La National Communications Authority (NCA) du Ghana a ordonné à Multichoice Ghana, opérateur de DSTV et GOTV, de suspendre les services après avoir défie une directive gouvernementale pour réduire les frais d’abonnement de 30%.
La date limite a été adoptée le 7 août et le régulateur donne désormais un multichoice 30 jours pour se conformer ou risquer de perdre sa licence.
Le différend reflète des tensions africaines plus larges sur l’abordabilité de la télévision payante. Le Ghana rejoint le Nigéria, le Kenya et d’autres repoussant les hausses de prix au milieu d’inflation et de souches monétaires élevées.
Multichoice a augmenté les frais ghanéens de 15% en avril avec un minimum de préavis, ce qui a incité le ministre des Communications, Samuel George, à exiger des coupes plus élevées. La société a qualifié la réduction de 30% de «non tenable», citant des pressions économiques.
Alex Okyere de Multichoice Ghana a averti qu’une fermeture mettrait en danger des emplois pour le personnel, les installateurs et les détaillants.
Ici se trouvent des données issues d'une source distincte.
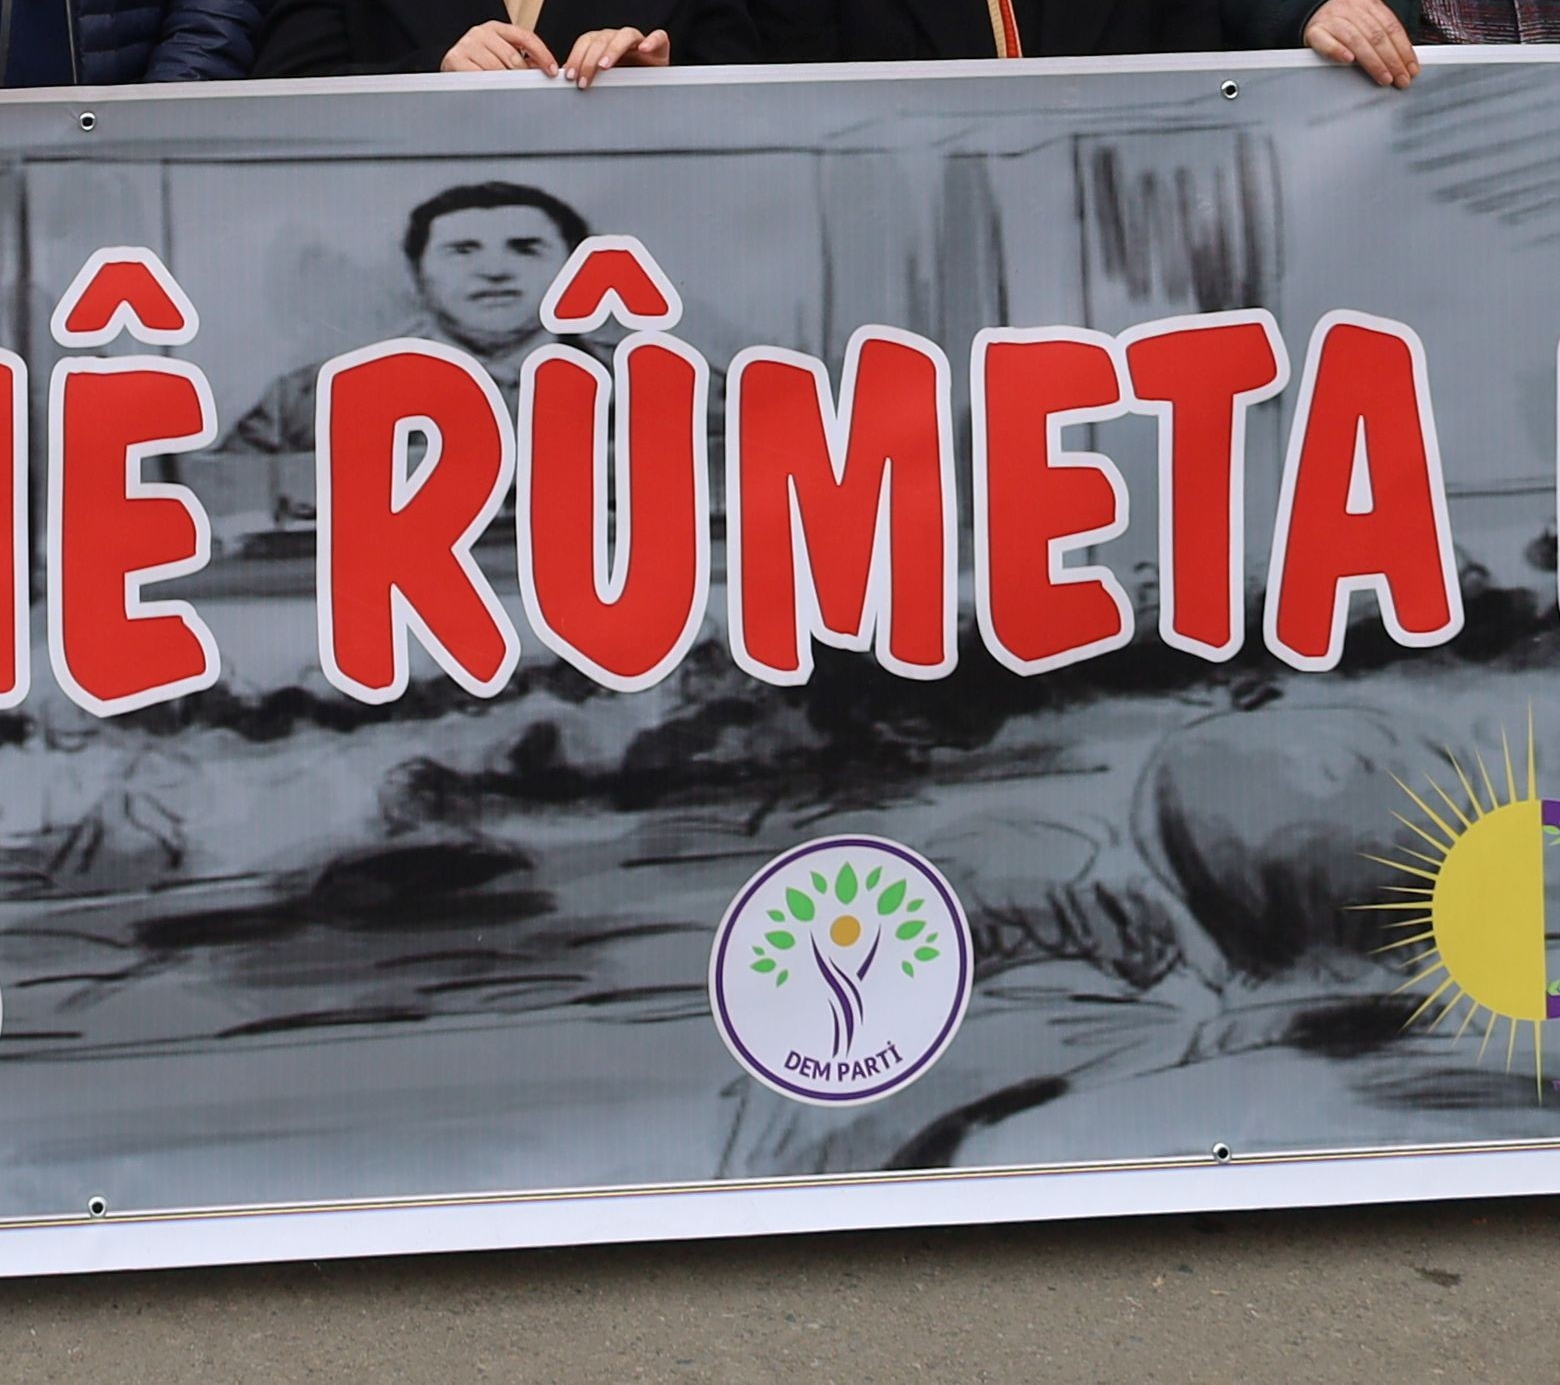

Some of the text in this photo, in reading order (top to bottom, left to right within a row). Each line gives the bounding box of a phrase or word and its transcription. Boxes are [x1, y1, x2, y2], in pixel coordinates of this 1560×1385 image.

[317, 236, 1463, 702] RÛMETA
[783, 1041, 903, 1082] DEM PARTİ
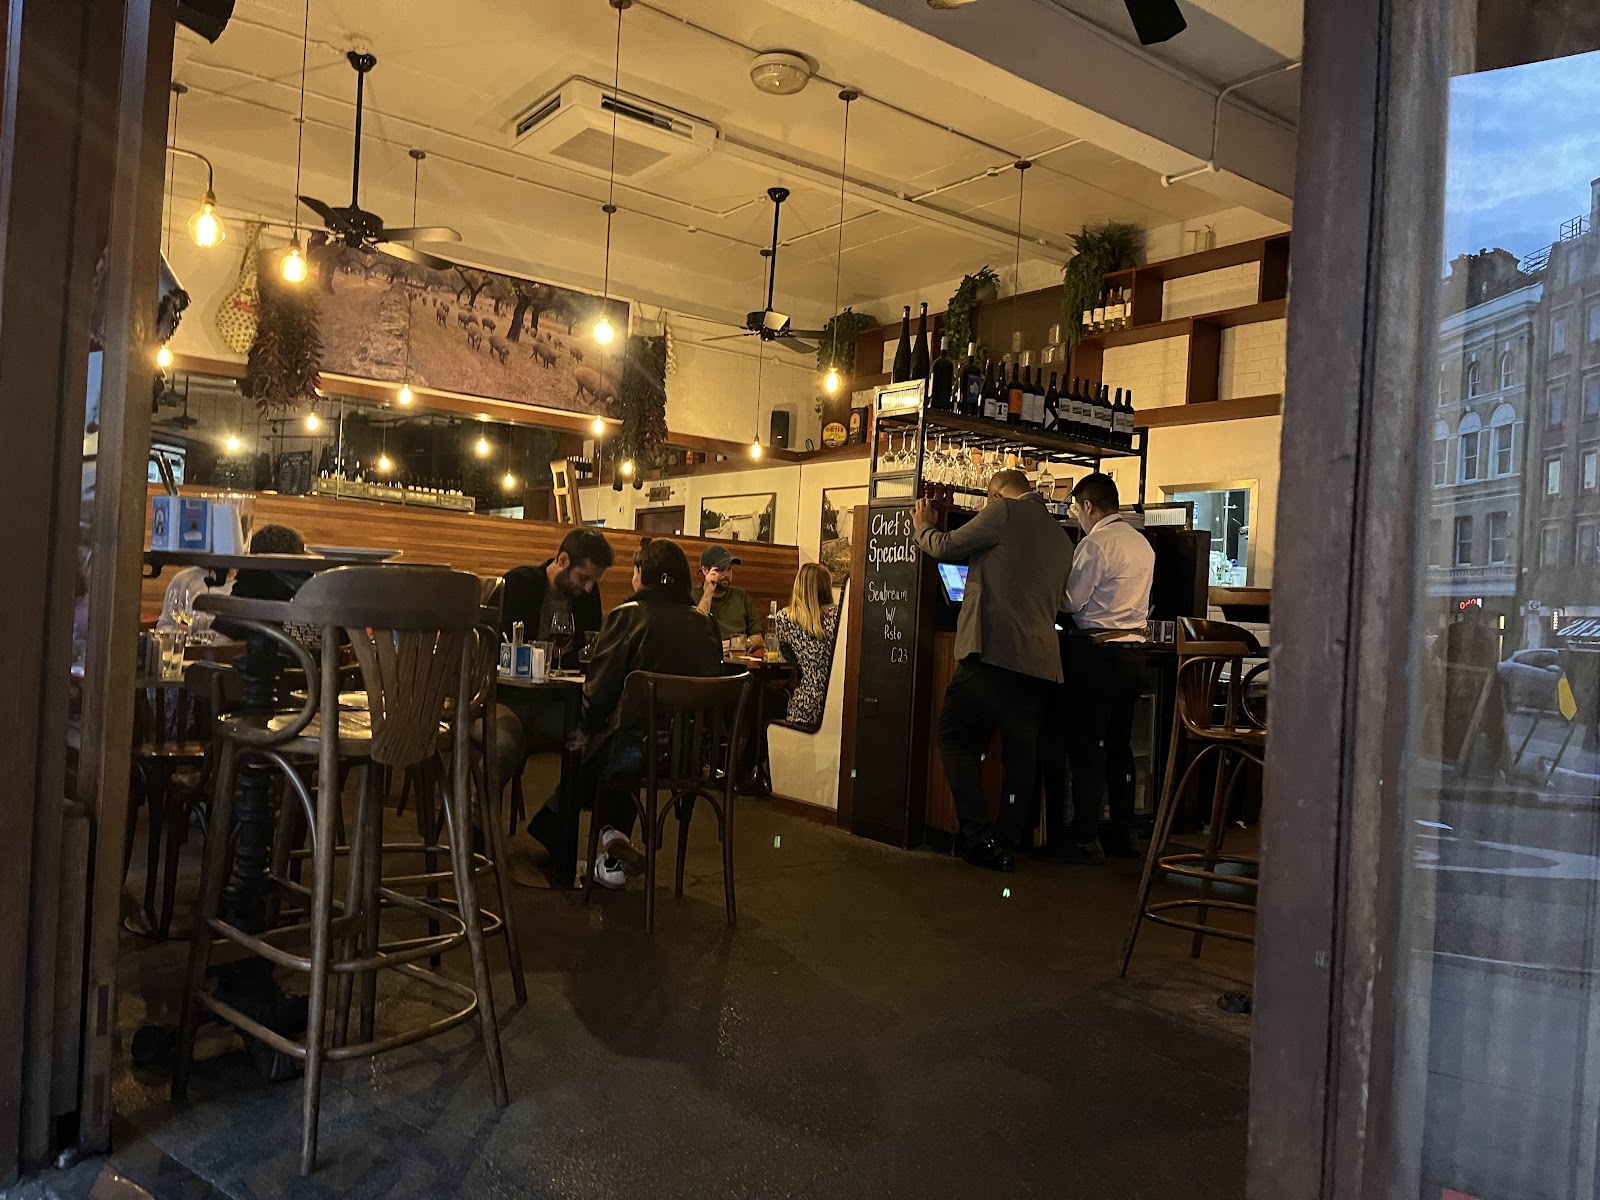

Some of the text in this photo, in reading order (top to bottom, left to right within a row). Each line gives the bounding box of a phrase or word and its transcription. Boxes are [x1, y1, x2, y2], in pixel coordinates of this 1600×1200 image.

Cette décision complique également l’offre de French Conglomerate Canal + d’acquérir Multichoice, le plus grand opérateur de télévision payante d’Afrique. Canal + – contrôlé par le milliardaire Vincent Bolloré – en détient déjà 43,5% et a obtenu l’approbation antitrust mais attend des hochements de tête finaux en Afrique du Sud.
Le PDG de Canal + Maxime Saada vise à intégrer rapidement les opérations après l’acquisition, ciblant les «synergies» d’ici la fin de l’année.
L’accord élargirait la portée de Canal + contre Netflix et Amazon, tirant parti des 22 millions d’abonnés de Multichoice et du streaming Showmax. Canal + fait face à des décisions sur l’avenir de Showmax, ayant investi dans du contenu africain comme Marodi TV du Sénégal pour stimuler l’attrait local.
Pour Bolloré, dont l’empire s’étend sur les ports, la logistique et les médias, l’acquisition renforce son influence de plusieurs décennies sur le paysage numérique de l’Afrique.